## DATA PROVIDED
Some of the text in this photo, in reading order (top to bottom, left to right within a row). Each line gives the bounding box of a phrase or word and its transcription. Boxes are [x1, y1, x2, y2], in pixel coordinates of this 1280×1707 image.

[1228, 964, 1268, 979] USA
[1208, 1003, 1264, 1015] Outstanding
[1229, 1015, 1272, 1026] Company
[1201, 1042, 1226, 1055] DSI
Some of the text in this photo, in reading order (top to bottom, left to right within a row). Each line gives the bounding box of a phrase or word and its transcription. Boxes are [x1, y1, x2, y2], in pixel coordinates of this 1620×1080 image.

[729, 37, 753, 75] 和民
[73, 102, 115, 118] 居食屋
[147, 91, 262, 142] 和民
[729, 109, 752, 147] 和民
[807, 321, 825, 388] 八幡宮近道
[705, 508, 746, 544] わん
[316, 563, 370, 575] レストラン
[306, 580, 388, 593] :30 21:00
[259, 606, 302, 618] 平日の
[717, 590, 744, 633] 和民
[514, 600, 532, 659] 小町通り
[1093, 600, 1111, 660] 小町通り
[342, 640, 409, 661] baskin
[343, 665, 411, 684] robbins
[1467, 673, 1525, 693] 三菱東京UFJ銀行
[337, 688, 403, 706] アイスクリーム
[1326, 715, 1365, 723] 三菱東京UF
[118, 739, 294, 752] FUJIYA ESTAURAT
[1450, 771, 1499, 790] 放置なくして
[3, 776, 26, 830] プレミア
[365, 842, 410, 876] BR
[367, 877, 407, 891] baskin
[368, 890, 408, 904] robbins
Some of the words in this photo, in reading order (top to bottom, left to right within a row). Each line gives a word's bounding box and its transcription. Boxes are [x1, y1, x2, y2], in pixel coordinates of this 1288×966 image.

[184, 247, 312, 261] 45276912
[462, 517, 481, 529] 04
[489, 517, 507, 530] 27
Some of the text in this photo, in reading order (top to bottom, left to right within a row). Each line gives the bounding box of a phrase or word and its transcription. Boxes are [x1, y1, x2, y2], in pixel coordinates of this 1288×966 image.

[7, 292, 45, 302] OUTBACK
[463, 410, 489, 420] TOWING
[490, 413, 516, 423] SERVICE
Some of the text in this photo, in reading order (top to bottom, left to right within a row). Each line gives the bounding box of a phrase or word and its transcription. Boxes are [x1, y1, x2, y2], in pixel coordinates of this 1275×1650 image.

## YOUR ASSIGNMENT
Set out exactly the run of lines that begins at the line holding "Some of the words" and ends at the last line of the data.

## RESPONSE
Some of the words in this photo, in reading order (top to bottom, left to right within a row). Each line gives a word's bounding box and its transcription. Boxes are [x1, y1, x2, y2], in pixel coordinates of this 1288×966 image.

[184, 247, 312, 261] 45276912
[462, 517, 481, 529] 04
[489, 517, 507, 530] 27
Some of the text in this photo, in reading order (top to bottom, left to right within a row). Each line gives the bounding box of a phrase or word and its transcription. Boxes are [x1, y1, x2, y2], in pixel coordinates of this 1288×966 image.

[7, 292, 45, 302] OUTBACK
[463, 410, 489, 420] TOWING
[490, 413, 516, 423] SERVICE
Some of the text in this photo, in reading order (top to bottom, left to right within a row). Each line gives the bounding box of a phrase or word and its transcription. Boxes are [x1, y1, x2, y2], in pixel coordinates of this 1275×1650 image.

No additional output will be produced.